Her anguish was in stark contrast with the impersonal police presentation on Friday, which described the victim as “body C” – the brother – “deceased N” and repeated descriptions of the miners as “aggressive”, “moving in formation” and carrying “dangerous weapons” like spears, sticks, knobkieries, axes and knives.

Lieutenant-Colonel Duncan Scott had just described how one protester – the brother, or in the police’s terms “body C as the protester was known to us” – ran from the bush towards the police threatening them “with a spear” and how the tactical response team had shot at him.

From the film footage captured on a police captain’s cellphone and shown to the Marikana commission of inquiry, it seemed a bit of a walk for the officers to reach the spot where the brother had fallen in the veld.

His death was one of a number in 11 contacts between miners and the police.

In the police’s presentation, it emerged that on August 16 a total of 284 live rounds were fired both as warning shots and at the miners by 45 tactical response and 55 public order officers, along with 533 rounds of “less than lethal” ammunition like teargas, stun-grenades and rubber bullets.

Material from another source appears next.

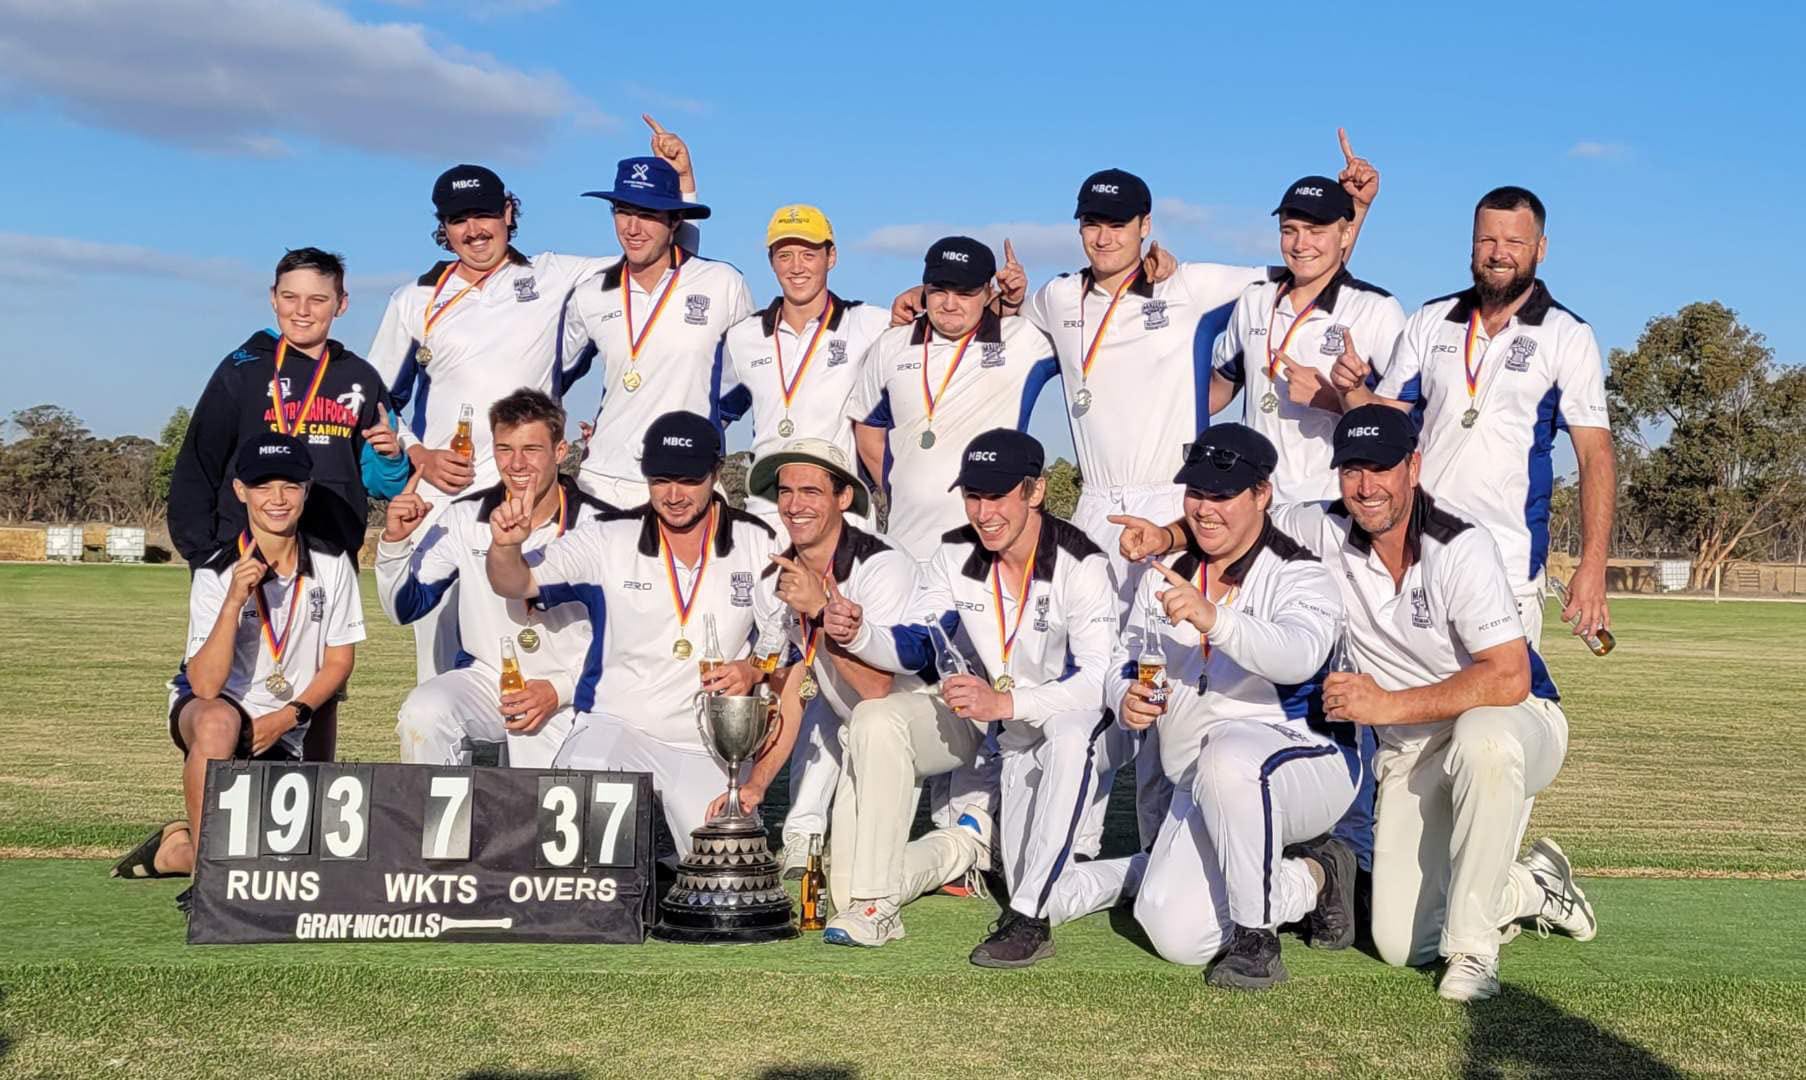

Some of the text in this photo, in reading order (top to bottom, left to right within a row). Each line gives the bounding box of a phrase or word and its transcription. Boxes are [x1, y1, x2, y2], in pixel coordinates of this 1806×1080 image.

A quick survey of the statistics given to the inquiry on Friday showed that of the 284 bullets, the tactical response team fired 159 at the miners and 88 as warning shots. The public order police shot 16 rounds of live ammunition at the miners and 21 bullets as warning shots. Scott was one of the key planners of that day’s police operation.

At a later stage, it is anticipated he will give evidence under oath. However, yesterday and Thursday, Scott delivered the police’s presentation without being sworn in.

It was deemed to be part of the police’s opening statement, an opportunity to put their side, and came in a week when revelations about the police’s actions on August 16 raised deep concerns.

This included apparent tampering with the crime scene – one dead miner was photographed twice without a weapon, then a panga appeared close to him in a third photo – and claims the policeshot miners in the back.

The police’s presentation was meant to limit, or even reverse, what SAPS lawyer Ishmael Semenya described as the police already having been judged in the court of public opinion. The detailed presentation, repeatedly stressing the police’s aim was to disperse, disarm and arrest the strikers, was backed up with film and photos, including footage from police cellphones, police cameras on the ground and in the air, as well as broadcast footage, and a series of detailed maps showing the police’s movements.

The presentation over the past two days emphasised the aggression of the striking miners, who the police say were armed and “attacked” with dangerous weapons, and the refusal by Lonmin to talk to workers until they put down the traditional weapons, or even to provide a translator fluent in Fanagalo used to communicate on the mines.

Veteran human rights advocate George Bizos was not impressed, saying the presentation had been nothing more than an “unfortunate public relations exercise”.

It had just emerged the police’s film footage was actually compiled from a number of clips from various sources. “We will not accept the veracity of the summaries or conclusions that are expressed in this presentation as valid,” Bizos added.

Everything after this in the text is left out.